Respecting the Gifts of the Creator
By VIVIAN LaMOORE, INAAJIMOWIN EDITOR
There is a growing popularity of winter activity on area lakes. That is a good thing. It is encouraging to see so many Band members exercising their rights and participating in cultural practices of spearing and fishing according to Kelly Applegate, Mille Lacs Band Commissioner of Natural Resources. It is also a good thing to note that Band members are being mindful to be good stewards of the lake to keep it clean he added.
“As Anishinaabe, we honor and respect the Manidoog of the lake and take great care of the sacred gifts provided to our people,” Commissioner Applegate said.
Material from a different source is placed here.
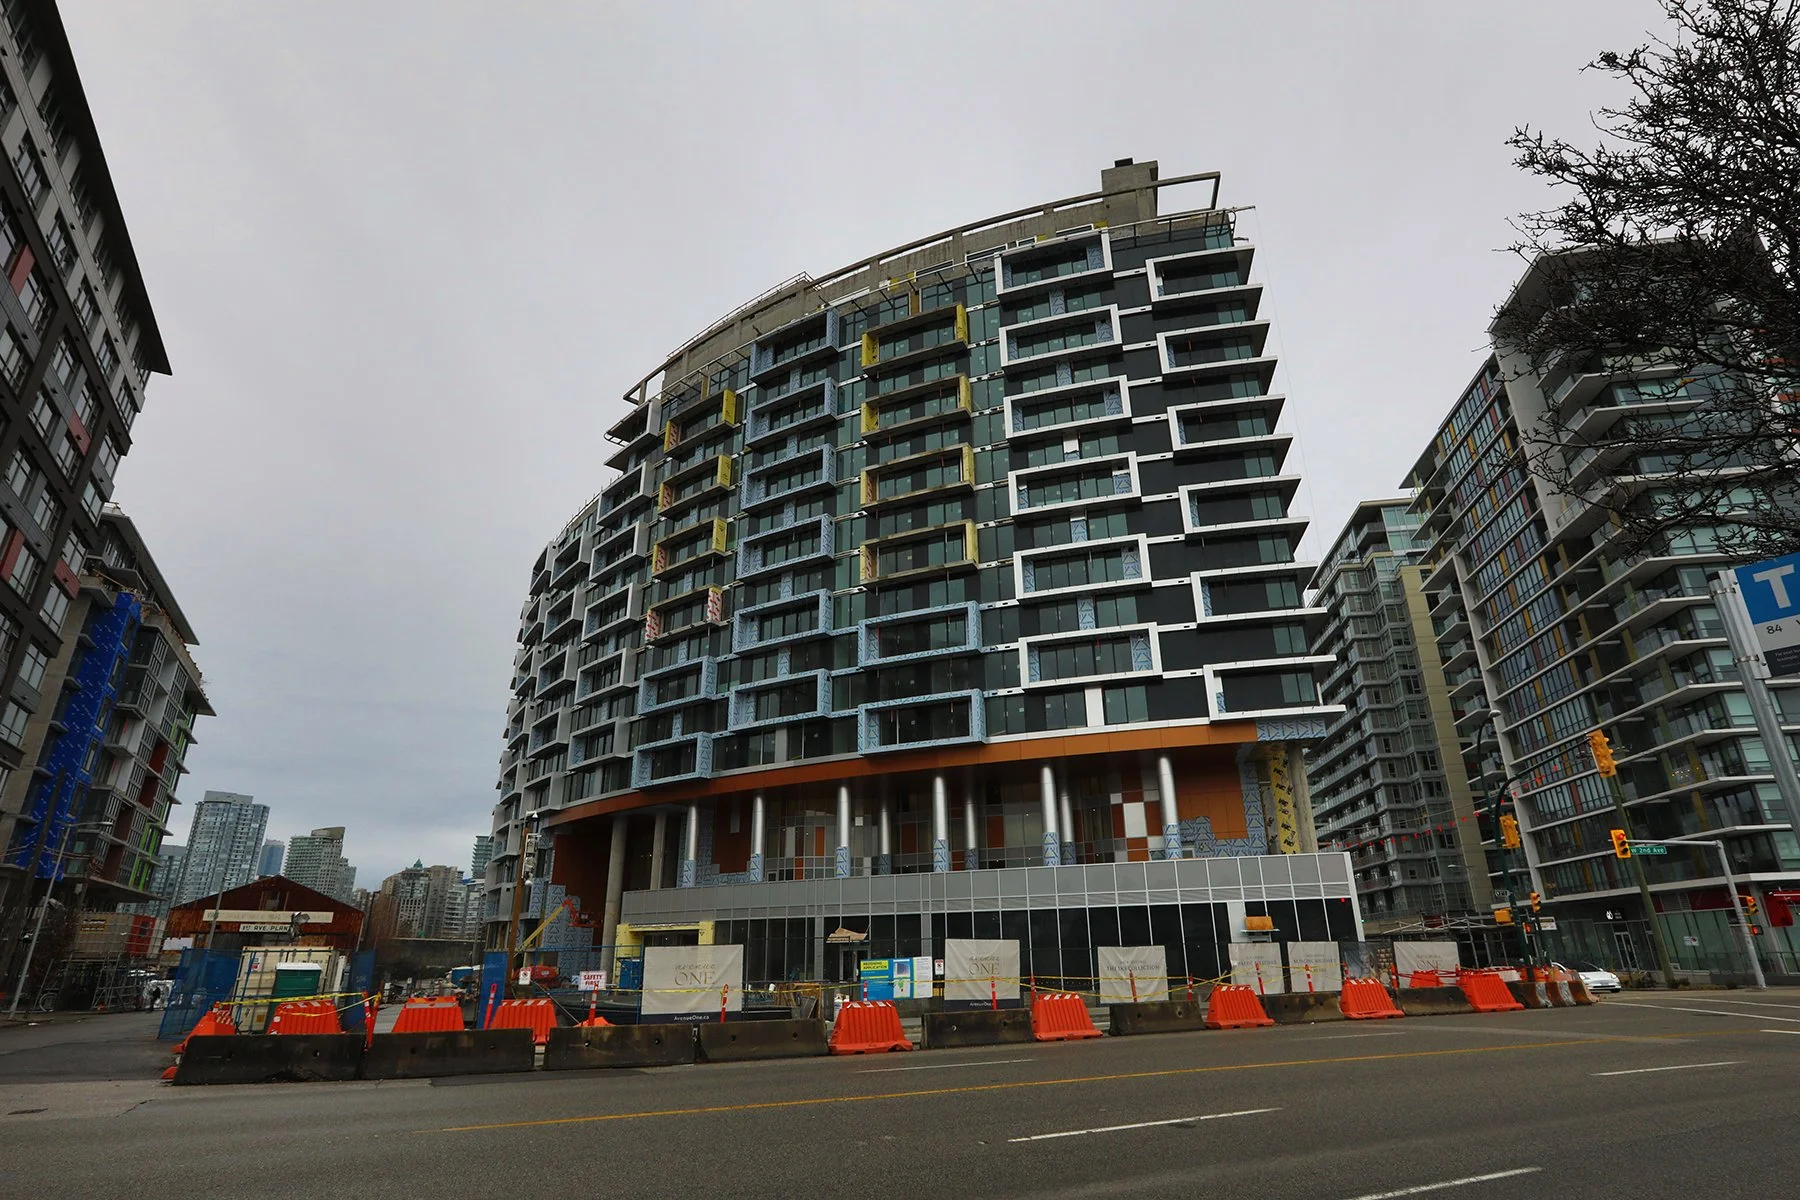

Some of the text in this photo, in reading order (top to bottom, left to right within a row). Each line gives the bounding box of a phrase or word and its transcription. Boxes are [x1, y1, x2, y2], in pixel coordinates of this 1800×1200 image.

But with the growing number of anglers out on all Minnesota lakes, there seems to be a growing problem of garbage and trash that is being left behind when anglers exit the lake. The newly implemented Keep It Clean campaign focuses on leaving no trace, and in a sense is connected to respecting the lake according to the values of Anishinaabe.
The campaign began on Lake of the Woods over a decade ago, according to the Lake of the Woods tourism website. Recently Upper Red Lake and Mille Lacs Lake have joined in the efforts as well. The campaign focuses on education, awareness, enforcement, and cleanup efforts.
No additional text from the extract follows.